**Exercise aim**
Word for word, restate the entries that follow.

══ Excerpted data

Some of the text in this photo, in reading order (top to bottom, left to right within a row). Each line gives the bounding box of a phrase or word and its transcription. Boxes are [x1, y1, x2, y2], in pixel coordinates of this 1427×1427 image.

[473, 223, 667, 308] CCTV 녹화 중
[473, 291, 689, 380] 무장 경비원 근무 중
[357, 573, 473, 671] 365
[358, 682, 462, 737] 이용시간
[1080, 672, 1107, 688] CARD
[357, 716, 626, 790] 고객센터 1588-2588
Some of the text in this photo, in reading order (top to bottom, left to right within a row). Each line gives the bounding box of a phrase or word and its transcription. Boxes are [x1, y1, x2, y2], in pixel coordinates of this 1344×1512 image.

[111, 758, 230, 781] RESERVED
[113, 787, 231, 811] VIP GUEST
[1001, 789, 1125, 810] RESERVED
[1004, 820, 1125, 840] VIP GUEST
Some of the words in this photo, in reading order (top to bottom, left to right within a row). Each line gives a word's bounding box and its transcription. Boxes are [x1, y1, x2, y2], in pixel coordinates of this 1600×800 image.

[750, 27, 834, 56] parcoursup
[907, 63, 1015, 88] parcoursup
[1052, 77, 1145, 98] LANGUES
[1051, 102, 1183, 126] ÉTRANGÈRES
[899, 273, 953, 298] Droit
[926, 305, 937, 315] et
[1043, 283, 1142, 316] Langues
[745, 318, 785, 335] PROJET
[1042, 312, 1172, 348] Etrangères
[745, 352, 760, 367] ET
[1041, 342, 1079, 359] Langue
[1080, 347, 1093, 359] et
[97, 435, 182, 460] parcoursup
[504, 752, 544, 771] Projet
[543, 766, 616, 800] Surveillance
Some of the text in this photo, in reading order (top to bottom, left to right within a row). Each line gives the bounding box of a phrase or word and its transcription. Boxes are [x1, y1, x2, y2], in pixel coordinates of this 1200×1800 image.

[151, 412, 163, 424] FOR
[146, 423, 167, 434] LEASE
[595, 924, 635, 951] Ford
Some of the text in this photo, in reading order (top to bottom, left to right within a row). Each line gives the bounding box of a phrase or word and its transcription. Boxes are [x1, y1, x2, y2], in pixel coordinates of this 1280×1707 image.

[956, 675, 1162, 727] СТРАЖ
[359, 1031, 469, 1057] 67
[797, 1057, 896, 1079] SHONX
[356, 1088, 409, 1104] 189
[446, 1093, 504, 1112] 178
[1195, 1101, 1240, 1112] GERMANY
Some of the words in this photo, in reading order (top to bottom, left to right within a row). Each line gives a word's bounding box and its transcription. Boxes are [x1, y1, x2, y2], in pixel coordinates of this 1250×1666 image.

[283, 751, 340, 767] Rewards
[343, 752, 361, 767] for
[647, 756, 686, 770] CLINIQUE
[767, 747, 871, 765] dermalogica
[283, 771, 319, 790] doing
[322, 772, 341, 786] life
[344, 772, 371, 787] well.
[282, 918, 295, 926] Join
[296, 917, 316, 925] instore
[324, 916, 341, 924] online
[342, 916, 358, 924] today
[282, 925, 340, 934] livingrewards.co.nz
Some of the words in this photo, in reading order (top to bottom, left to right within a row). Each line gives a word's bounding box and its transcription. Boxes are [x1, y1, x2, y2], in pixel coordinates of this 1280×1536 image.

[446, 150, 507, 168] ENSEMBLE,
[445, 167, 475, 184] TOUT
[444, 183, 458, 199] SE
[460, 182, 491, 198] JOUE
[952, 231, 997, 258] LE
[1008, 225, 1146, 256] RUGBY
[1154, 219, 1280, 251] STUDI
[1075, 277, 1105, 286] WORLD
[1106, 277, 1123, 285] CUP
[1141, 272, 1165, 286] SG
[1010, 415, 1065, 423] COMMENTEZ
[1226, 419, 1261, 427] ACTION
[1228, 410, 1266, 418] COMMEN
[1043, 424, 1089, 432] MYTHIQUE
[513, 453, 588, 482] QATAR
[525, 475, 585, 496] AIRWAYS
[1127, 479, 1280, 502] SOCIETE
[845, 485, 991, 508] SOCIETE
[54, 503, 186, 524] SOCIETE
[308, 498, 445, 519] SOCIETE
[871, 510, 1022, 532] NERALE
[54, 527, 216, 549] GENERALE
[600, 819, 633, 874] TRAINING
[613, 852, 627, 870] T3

════

**Task response**
Some of the text in this photo, in reading order (top to bottom, left to right within a row). Each line gives the bounding box of a phrase or word and its transcription. Boxes are [x1, y1, x2, y2], in pixel coordinates of this 1427×1427 image.

[473, 223, 667, 308] CCTV 녹화 중
[473, 291, 689, 380] 무장 경비원 근무 중
[357, 573, 473, 671] 365
[358, 682, 462, 737] 이용시간
[1080, 672, 1107, 688] CARD
[357, 716, 626, 790] 고객센터 1588-2588
Some of the text in this photo, in reading order (top to bottom, left to right within a row). Each line gives the bounding box of a phrase or word and its transcription. Boxes are [x1, y1, x2, y2], in pixel coordinates of this 1344×1512 image.

[111, 758, 230, 781] RESERVED
[113, 787, 231, 811] VIP GUEST
[1001, 789, 1125, 810] RESERVED
[1004, 820, 1125, 840] VIP GUEST
Some of the words in this photo, in reading order (top to bottom, left to right within a row). Each line gives a word's bounding box and its transcription. Boxes are [x1, y1, x2, y2], in pixel coordinates of this 1600×800 image.

[750, 27, 834, 56] parcoursup
[907, 63, 1015, 88] parcoursup
[1052, 77, 1145, 98] LANGUES
[1051, 102, 1183, 126] ÉTRANGÈRES
[899, 273, 953, 298] Droit
[926, 305, 937, 315] et
[1043, 283, 1142, 316] Langues
[745, 318, 785, 335] PROJET
[1042, 312, 1172, 348] Etrangères
[745, 352, 760, 367] ET
[1041, 342, 1079, 359] Langue
[1080, 347, 1093, 359] et
[97, 435, 182, 460] parcoursup
[504, 752, 544, 771] Projet
[543, 766, 616, 800] Surveillance
Some of the text in this photo, in reading order (top to bottom, left to right within a row). Each line gives the bounding box of a phrase or word and its transcription. Boxes are [x1, y1, x2, y2], in pixel coordinates of this 1200×1800 image.

[151, 412, 163, 424] FOR
[146, 423, 167, 434] LEASE
[595, 924, 635, 951] Ford
Some of the text in this photo, in reading order (top to bottom, left to right within a row). Each line gives the bounding box of a phrase or word and its transcription. Boxes are [x1, y1, x2, y2], in pixel coordinates of this 1280×1707 image.

[956, 675, 1162, 727] СТРАЖ
[359, 1031, 469, 1057] 67
[797, 1057, 896, 1079] SHONX
[356, 1088, 409, 1104] 189
[446, 1093, 504, 1112] 178
[1195, 1101, 1240, 1112] GERMANY
Some of the words in this photo, in reading order (top to bottom, left to right within a row). Each line gives a word's bounding box and its transcription. Boxes are [x1, y1, x2, y2], in pixel coordinates of this 1250×1666 image.

[283, 751, 340, 767] Rewards
[343, 752, 361, 767] for
[647, 756, 686, 770] CLINIQUE
[767, 747, 871, 765] dermalogica
[283, 771, 319, 790] doing
[322, 772, 341, 786] life
[344, 772, 371, 787] well.
[282, 918, 295, 926] Join
[296, 917, 316, 925] instore
[324, 916, 341, 924] online
[342, 916, 358, 924] today
[282, 925, 340, 934] livingrewards.co.nz
Some of the words in this photo, in reading order (top to bottom, left to right within a row). Each line gives a word's bounding box and its transcription. Boxes are [x1, y1, x2, y2], in pixel coordinates of this 1280×1536 image.

[446, 150, 507, 168] ENSEMBLE,
[445, 167, 475, 184] TOUT
[444, 183, 458, 199] SE
[460, 182, 491, 198] JOUE
[952, 231, 997, 258] LE
[1008, 225, 1146, 256] RUGBY
[1154, 219, 1280, 251] STUDI
[1075, 277, 1105, 286] WORLD
[1106, 277, 1123, 285] CUP
[1141, 272, 1165, 286] SG
[1010, 415, 1065, 423] COMMENTEZ
[1226, 419, 1261, 427] ACTION
[1228, 410, 1266, 418] COMMEN
[1043, 424, 1089, 432] MYTHIQUE
[513, 453, 588, 482] QATAR
[525, 475, 585, 496] AIRWAYS
[1127, 479, 1280, 502] SOCIETE
[845, 485, 991, 508] SOCIETE
[54, 503, 186, 524] SOCIETE
[308, 498, 445, 519] SOCIETE
[871, 510, 1022, 532] NERALE
[54, 527, 216, 549] GENERALE
[600, 819, 633, 874] TRAINING
[613, 852, 627, 870] T3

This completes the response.